The task.
What is needed is the full set of records, word for word, with no pictures.

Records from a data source
*-*-*
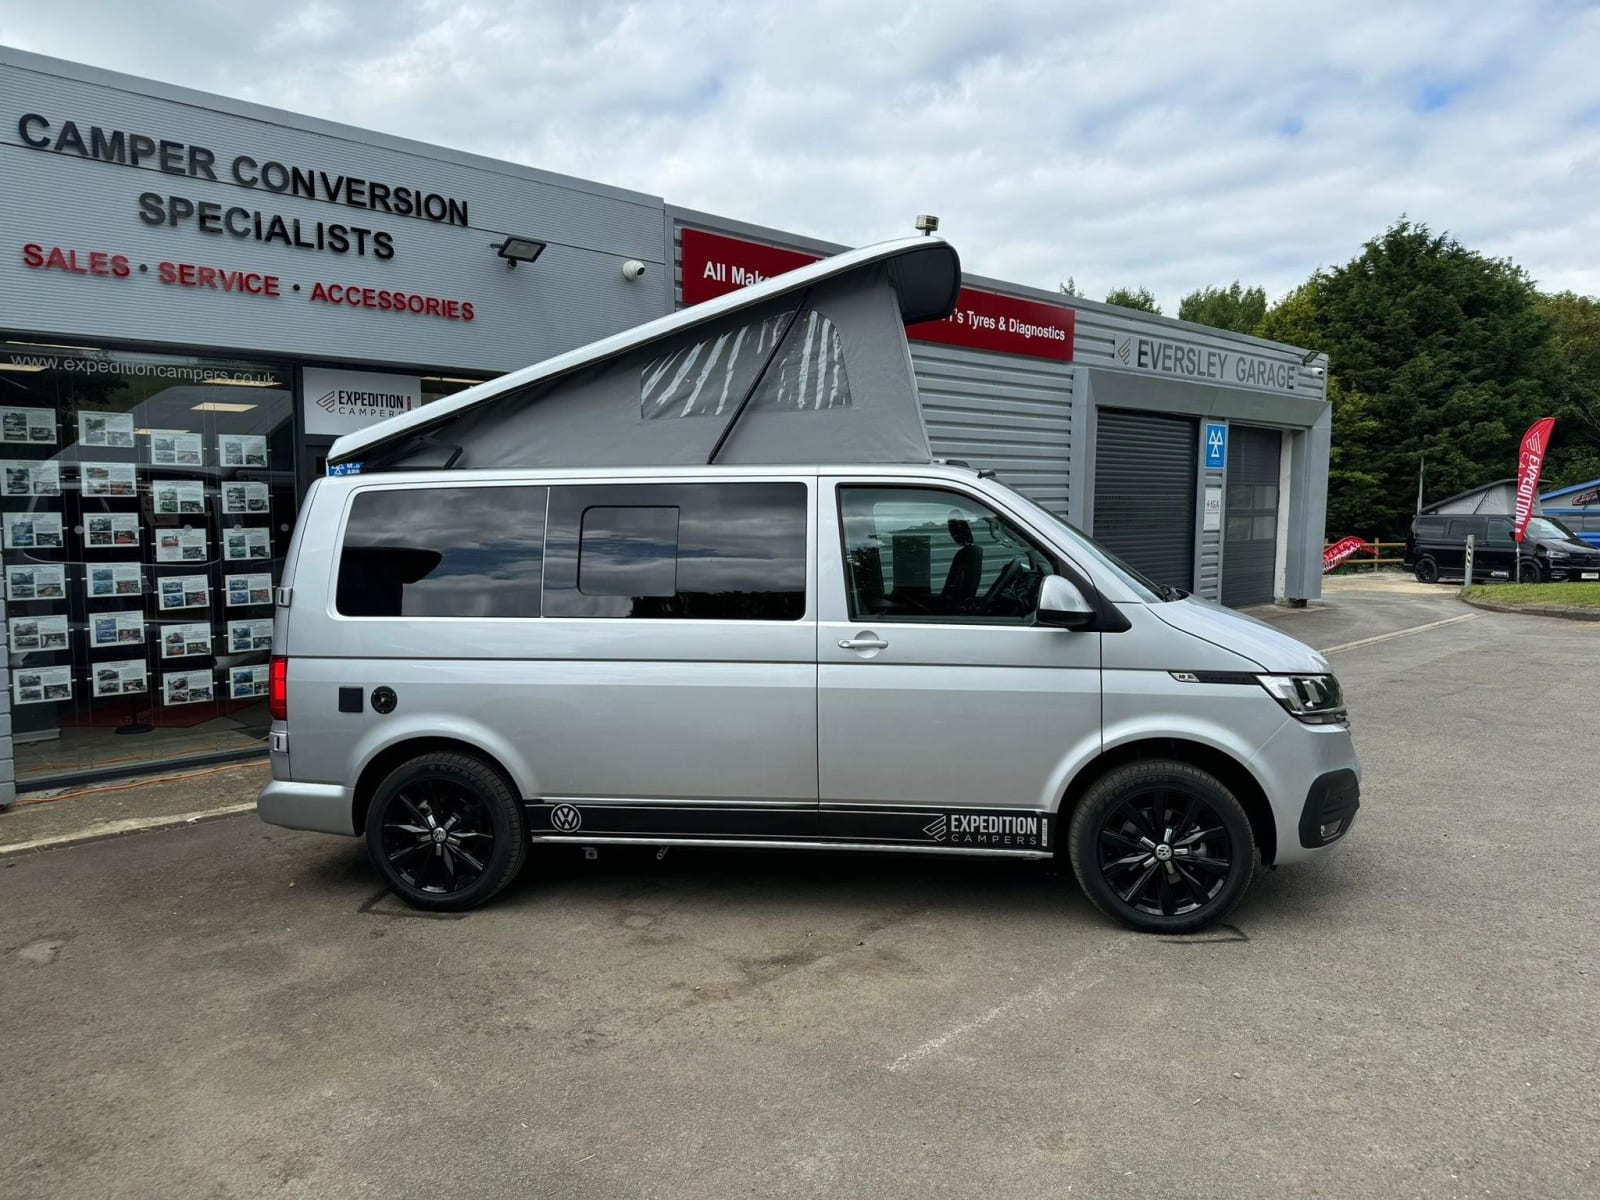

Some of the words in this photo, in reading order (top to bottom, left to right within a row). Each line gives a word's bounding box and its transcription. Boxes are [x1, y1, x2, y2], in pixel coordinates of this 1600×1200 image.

[18, 113, 217, 181] CAMPER
[232, 155, 468, 227] CONVERSION
[139, 192, 395, 260] SPECIALISTS
[23, 243, 130, 278] SALES
[159, 261, 280, 296] SERVICE
[310, 282, 475, 321] ACCESSORIES
[703, 260, 726, 282] All
[731, 265, 771, 288] Mak
[966, 310, 996, 330] Tyres
[998, 316, 1006, 331] &
[1009, 319, 1066, 341] Diagnostics
[10, 354, 277, 386] www.expeditioncampers.co.uk
[1137, 339, 1229, 379] EVERSLEY
[1235, 357, 1296, 390] GARAGE
[339, 390, 403, 409] EXPEDITION
[1515, 454, 1540, 525] EXPEDITION
[951, 815, 1037, 834] EXPEDITION
[951, 834, 1037, 845] CAMPERS
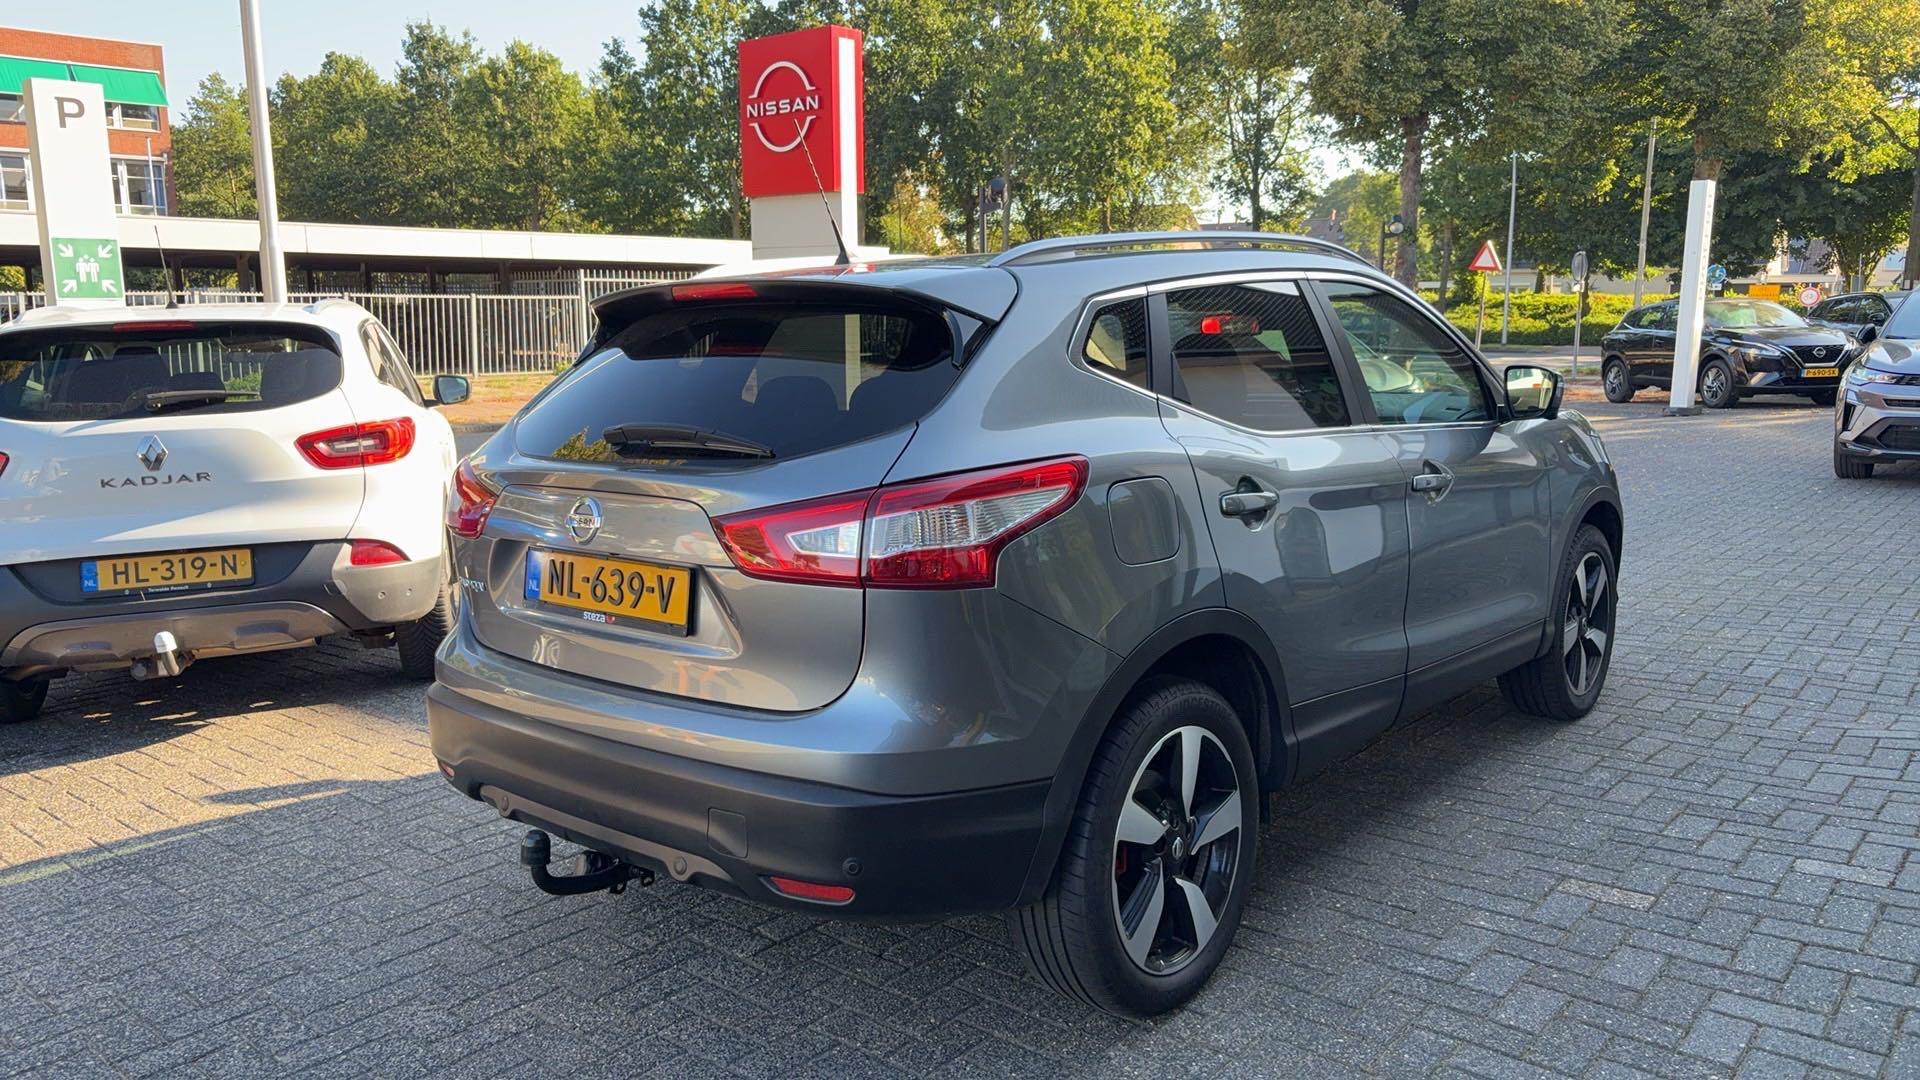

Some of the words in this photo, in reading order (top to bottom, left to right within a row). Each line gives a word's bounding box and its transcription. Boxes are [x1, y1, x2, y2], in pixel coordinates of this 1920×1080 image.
*-*-*
Solution to this exercise.
Some of the words in this photo, in reading order (top to bottom, left to right within a row). Each line gives a word's bounding box and its transcription. Boxes are [x1, y1, x2, y2], in pixel coordinates of this 1600×1200 image.

[18, 113, 217, 181] CAMPER
[232, 155, 468, 227] CONVERSION
[139, 192, 395, 260] SPECIALISTS
[23, 243, 130, 278] SALES
[159, 261, 280, 296] SERVICE
[310, 282, 475, 321] ACCESSORIES
[703, 260, 726, 282] All
[731, 265, 771, 288] Mak
[966, 310, 996, 330] Tyres
[998, 316, 1006, 331] &
[1009, 319, 1066, 341] Diagnostics
[10, 354, 277, 386] www.expeditioncampers.co.uk
[1137, 339, 1229, 379] EVERSLEY
[1235, 357, 1296, 390] GARAGE
[339, 390, 403, 409] EXPEDITION
[1515, 454, 1540, 525] EXPEDITION
[951, 815, 1037, 834] EXPEDITION
[951, 834, 1037, 845] CAMPERS

Some of the words in this photo, in reading order (top to bottom, left to right within a row). Each line gives a word's bounding box and its transcription. Boxes are [x1, y1, x2, y2], in pixel coordinates of this 1920×1080 image.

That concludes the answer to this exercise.